■ WHAT IS NEEDED
Restate every record word for word, without the pictures.

■ LISTED ENTRIES
━━━━━━━━━━
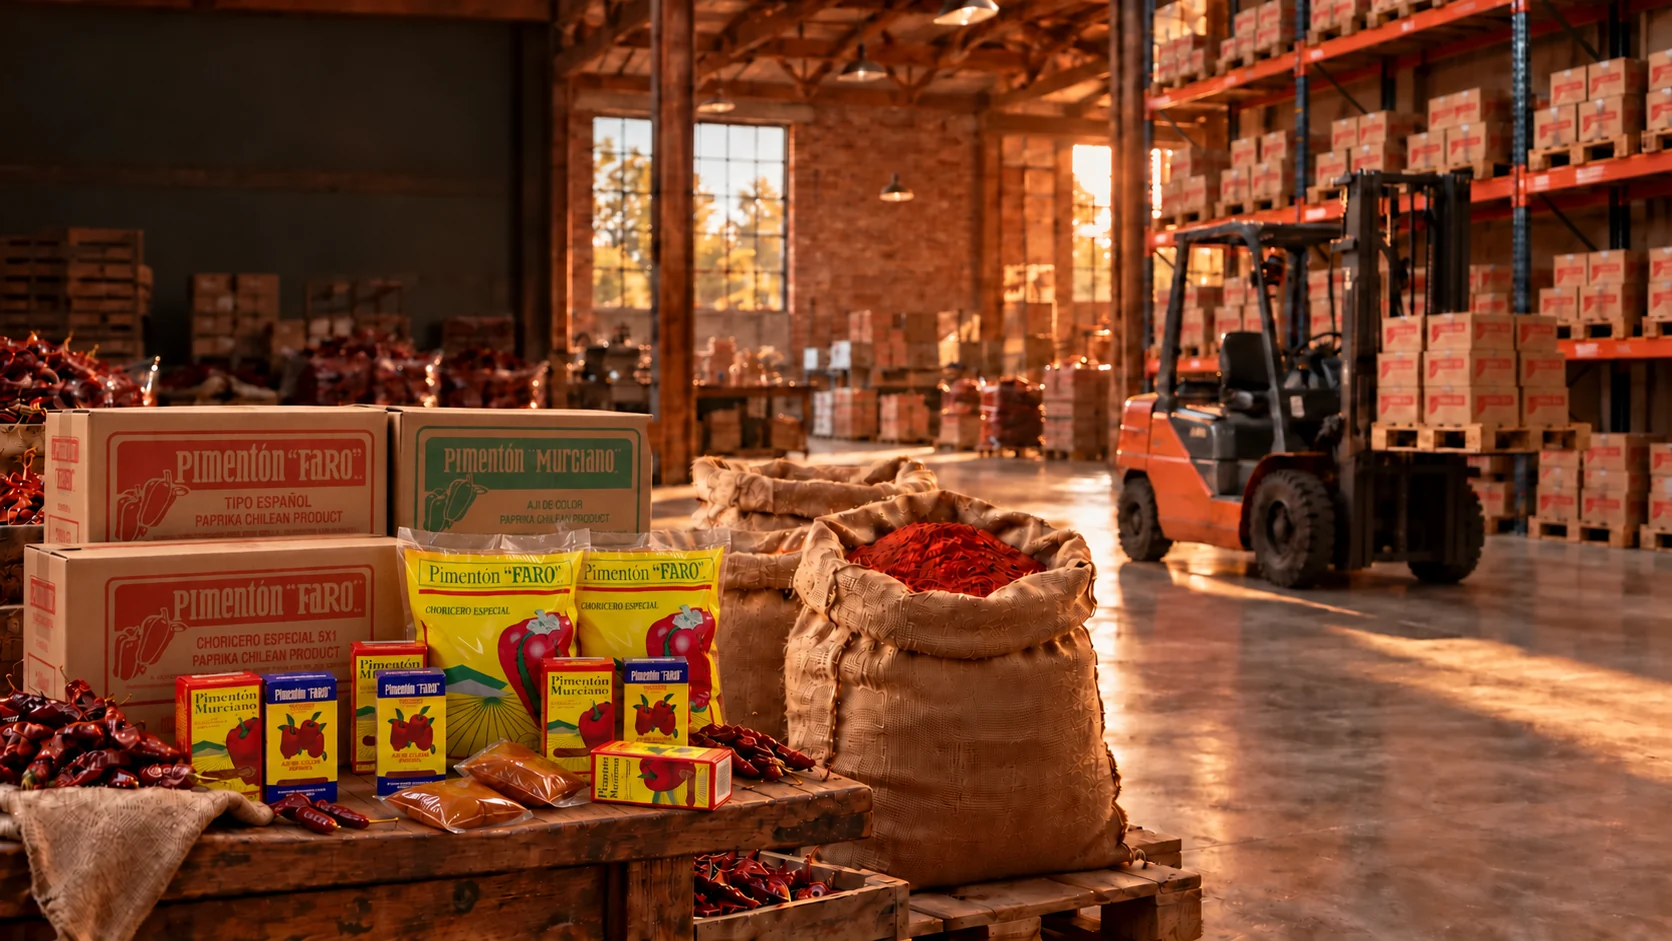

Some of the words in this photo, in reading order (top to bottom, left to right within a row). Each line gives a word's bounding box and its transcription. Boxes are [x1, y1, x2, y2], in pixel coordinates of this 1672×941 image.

[225, 496, 253, 509] TIPO
[257, 492, 312, 509] ESPAÑOL
[543, 500, 553, 510] DE
[555, 500, 583, 510] COLOR
[195, 513, 242, 527] PAPRIKA
[245, 512, 290, 526] CHILEAN
[293, 510, 343, 524] PRODUCT
[500, 514, 534, 525] PAPRIKA
[573, 513, 610, 524] PRODUCT
[429, 564, 500, 584] Pimentón
[584, 563, 649, 581] Pimentón
[425, 605, 472, 616] CHORICERO
[473, 606, 510, 616] ESPECIAL
[625, 600, 659, 610] ESPECIAL
[196, 633, 260, 650] CHORICERO
[263, 631, 315, 647] ESPECIAL
[318, 630, 337, 643] 5X1
[192, 652, 239, 667] PAPRIKA
[242, 649, 287, 663] CHILEAN
[289, 646, 341, 661] PRODUCT
[360, 658, 420, 670] Pimentón
[551, 675, 609, 686] Pimentón
[195, 689, 257, 704] Pimentón
[551, 686, 609, 696] Murciano
[195, 702, 257, 714] Murciano
━━━━━━━━━━
■ RESPONSE
Some of the words in this photo, in reading order (top to bottom, left to right within a row). Each line gives a word's bounding box and its transcription. Boxes are [x1, y1, x2, y2], in pixel coordinates of this 1672×941 image.

[225, 496, 253, 509] TIPO
[257, 492, 312, 509] ESPAÑOL
[543, 500, 553, 510] DE
[555, 500, 583, 510] COLOR
[195, 513, 242, 527] PAPRIKA
[245, 512, 290, 526] CHILEAN
[293, 510, 343, 524] PRODUCT
[500, 514, 534, 525] PAPRIKA
[573, 513, 610, 524] PRODUCT
[429, 564, 500, 584] Pimentón
[584, 563, 649, 581] Pimentón
[425, 605, 472, 616] CHORICERO
[473, 606, 510, 616] ESPECIAL
[625, 600, 659, 610] ESPECIAL
[196, 633, 260, 650] CHORICERO
[263, 631, 315, 647] ESPECIAL
[318, 630, 337, 643] 5X1
[192, 652, 239, 667] PAPRIKA
[242, 649, 287, 663] CHILEAN
[289, 646, 341, 661] PRODUCT
[360, 658, 420, 670] Pimentón
[551, 675, 609, 686] Pimentón
[195, 689, 257, 704] Pimentón
[551, 686, 609, 696] Murciano
[195, 702, 257, 714] Murciano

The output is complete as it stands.